Problem to solve:
Each record that follows should be repeated exactly, minus any images.

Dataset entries

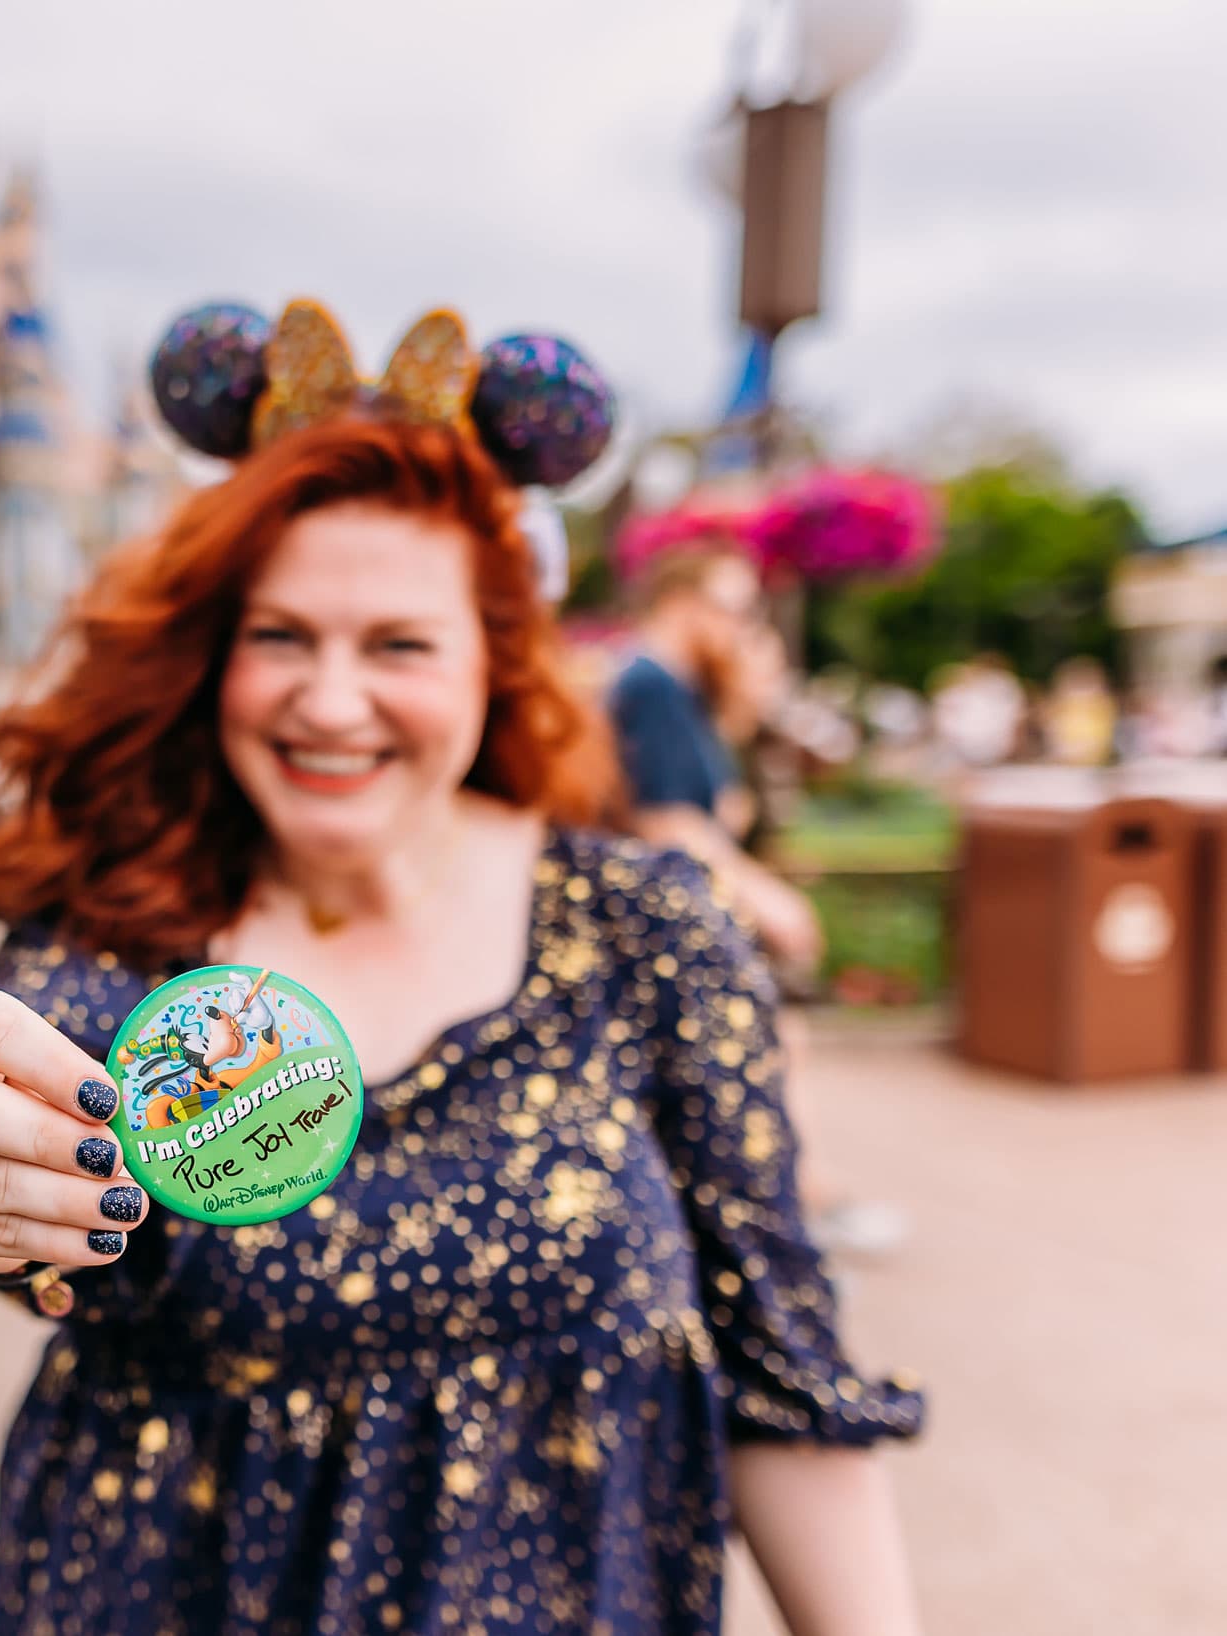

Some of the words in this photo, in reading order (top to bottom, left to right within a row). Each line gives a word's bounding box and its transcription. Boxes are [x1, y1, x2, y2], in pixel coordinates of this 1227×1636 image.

[137, 1138, 184, 1163] I'm
[185, 1055, 344, 1149] Celebrating:
[172, 1155, 245, 1194] Pure
[241, 1122, 293, 1161] Joy
[289, 1079, 353, 1133] Travel
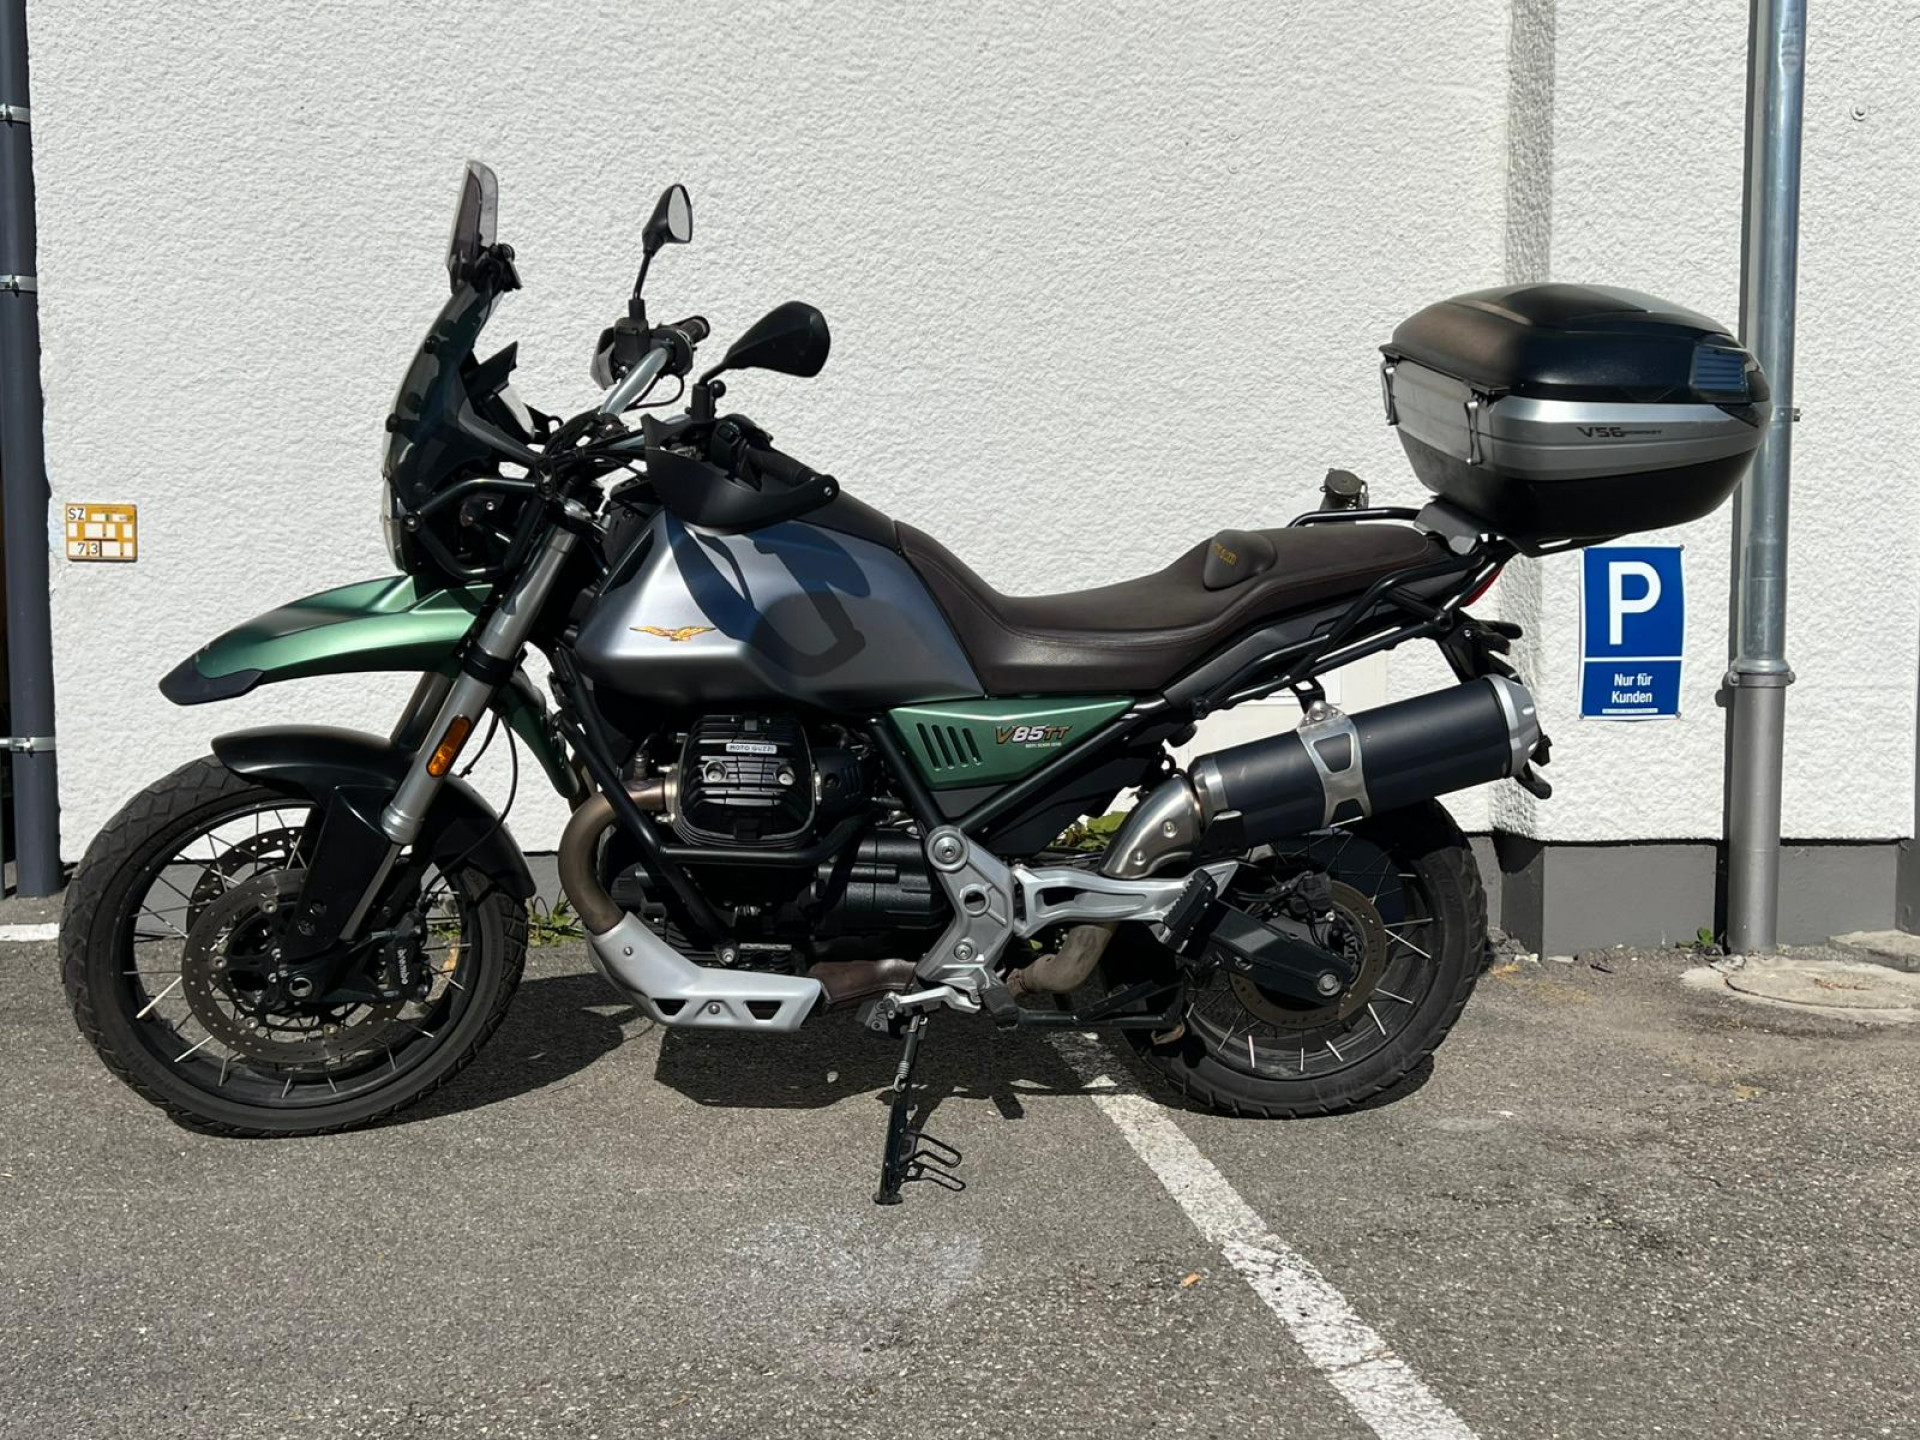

Solution for this problem:
Some of the words in this photo, in reading order (top to bottom, left to right within a row). Each line gives a word's bounding box and its transcription. Boxes are [x1, y1, x2, y2], in pixel coordinates of this 1227×1636 image.

[137, 1138, 184, 1163] I'm
[185, 1055, 344, 1149] Celebrating:
[172, 1155, 245, 1194] Pure
[241, 1122, 293, 1161] Joy
[289, 1079, 353, 1133] Travel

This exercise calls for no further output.